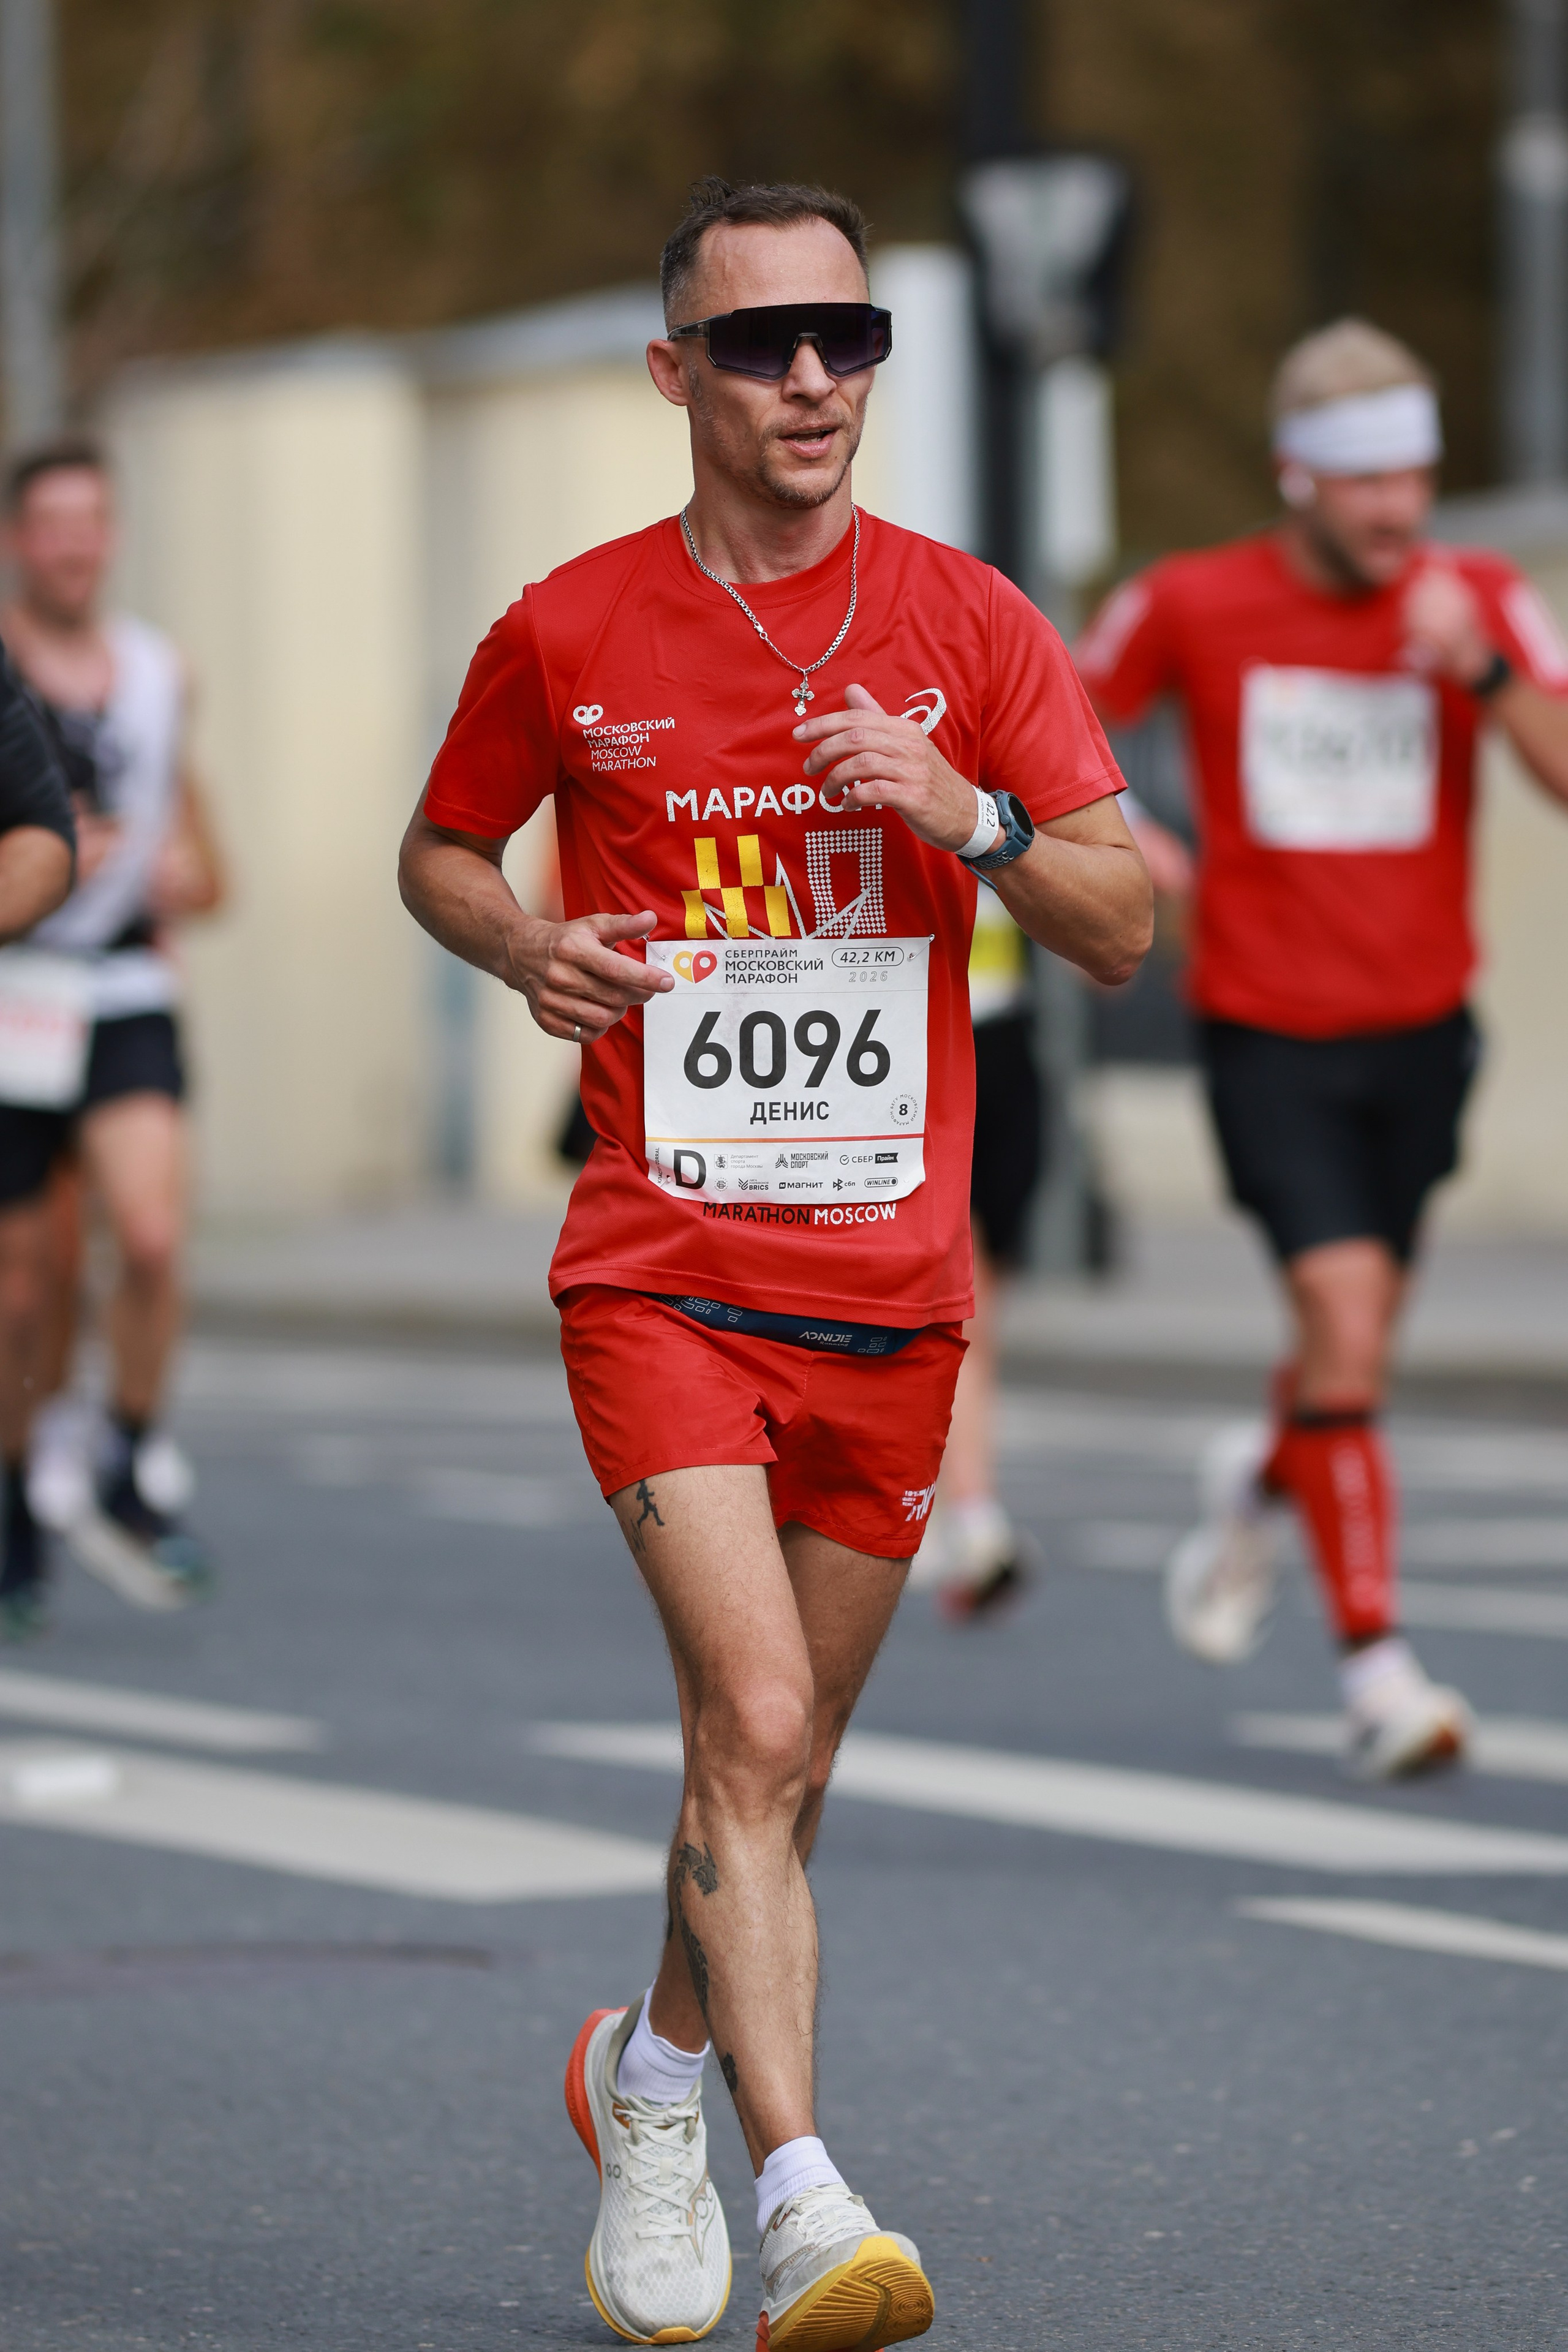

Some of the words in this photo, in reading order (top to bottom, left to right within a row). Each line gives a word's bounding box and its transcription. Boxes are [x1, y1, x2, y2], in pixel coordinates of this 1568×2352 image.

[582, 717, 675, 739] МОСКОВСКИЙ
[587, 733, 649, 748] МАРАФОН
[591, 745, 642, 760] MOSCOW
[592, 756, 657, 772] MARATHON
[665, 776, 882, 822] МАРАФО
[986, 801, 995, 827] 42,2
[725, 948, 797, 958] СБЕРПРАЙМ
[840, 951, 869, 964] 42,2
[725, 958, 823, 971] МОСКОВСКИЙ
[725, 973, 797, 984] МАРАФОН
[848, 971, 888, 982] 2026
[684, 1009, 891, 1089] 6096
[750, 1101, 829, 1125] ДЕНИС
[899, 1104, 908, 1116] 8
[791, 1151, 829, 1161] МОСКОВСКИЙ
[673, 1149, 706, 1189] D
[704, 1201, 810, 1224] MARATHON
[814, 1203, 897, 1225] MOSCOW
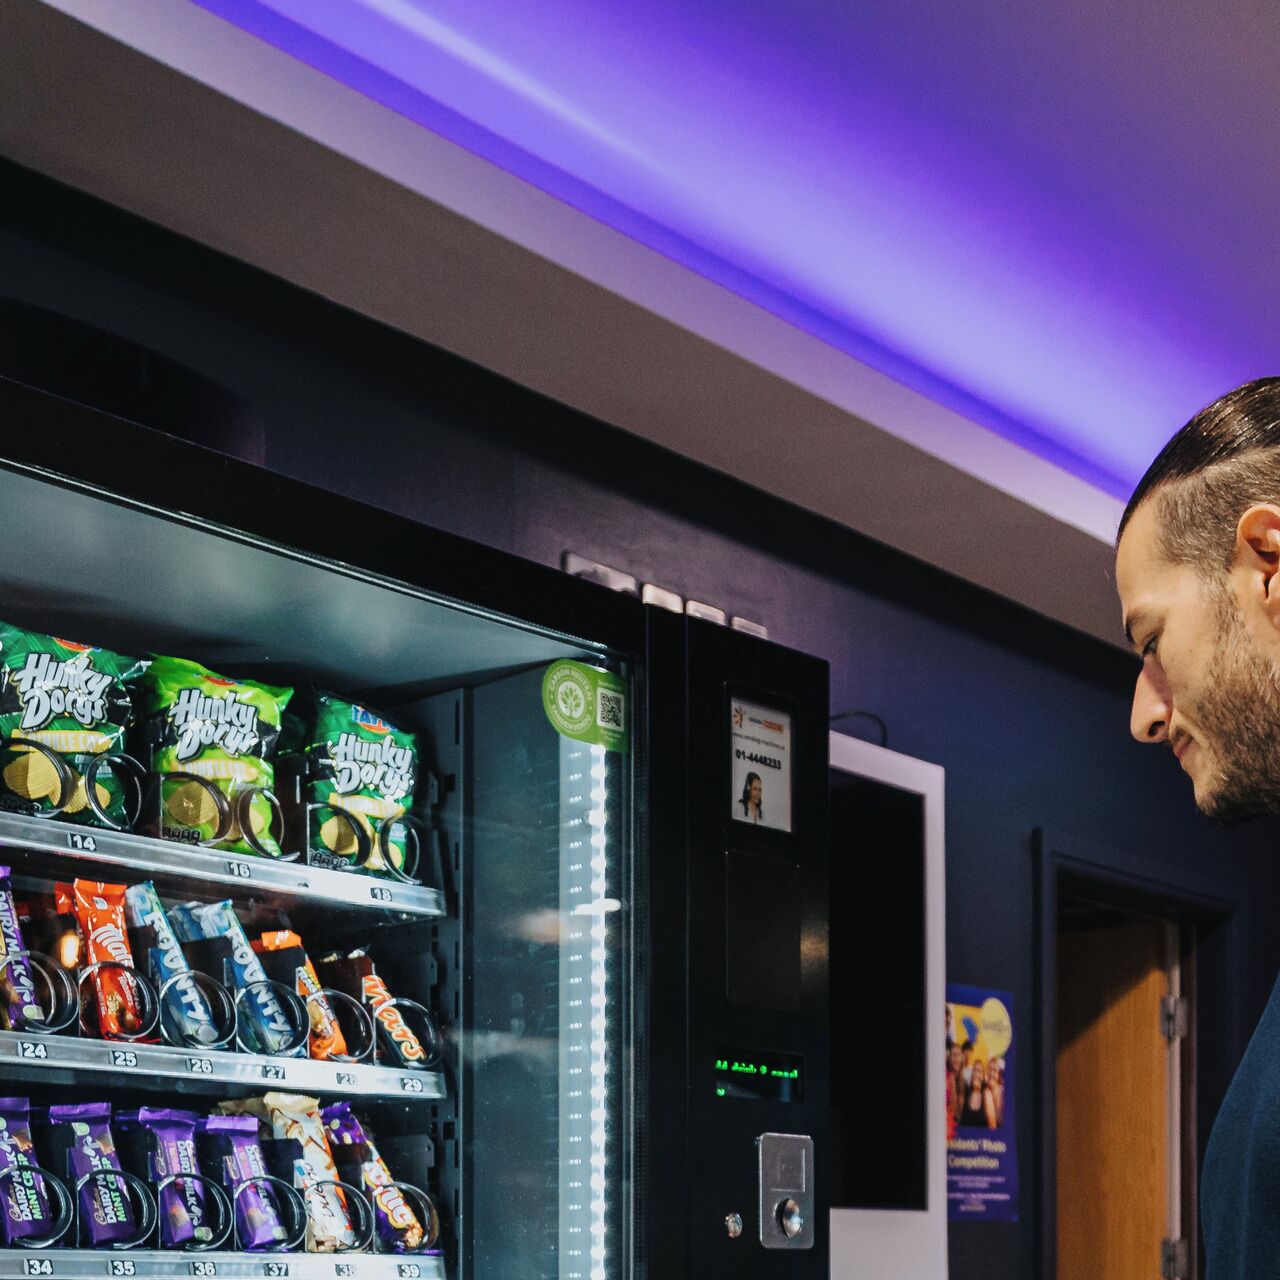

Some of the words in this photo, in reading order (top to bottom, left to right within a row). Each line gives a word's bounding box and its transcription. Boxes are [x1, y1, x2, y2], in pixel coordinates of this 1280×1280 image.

━━━━━━━━━━

## What the task asks
Output the records above exactly; leave out the pictures.

## Answer
Some of the words in this photo, in reading order (top to bottom, left to right within a row). Each line gives a word's bounding box and its transcription. Boxes are [x1, y1, x2, y2], in pixel coordinates of this 1568×2352 image.

[582, 717, 675, 739] МОСКОВСКИЙ
[587, 733, 649, 748] МАРАФОН
[591, 745, 642, 760] MOSCOW
[592, 756, 657, 772] MARATHON
[665, 776, 882, 822] МАРАФО
[986, 801, 995, 827] 42,2
[725, 948, 797, 958] СБЕРПРАЙМ
[840, 951, 869, 964] 42,2
[725, 958, 823, 971] МОСКОВСКИЙ
[725, 973, 797, 984] МАРАФОН
[848, 971, 888, 982] 2026
[684, 1009, 891, 1089] 6096
[750, 1101, 829, 1125] ДЕНИС
[899, 1104, 908, 1116] 8
[791, 1151, 829, 1161] МОСКОВСКИЙ
[673, 1149, 706, 1189] D
[704, 1201, 810, 1224] MARATHON
[814, 1203, 897, 1225] MOSCOW

Some of the words in this photo, in reading order (top to bottom, left to right within a row). Each line gives a word's bounding box and its transcription. Boxes are [x1, y1, x2, y2], in pixel coordinates of this 1280×1280 image.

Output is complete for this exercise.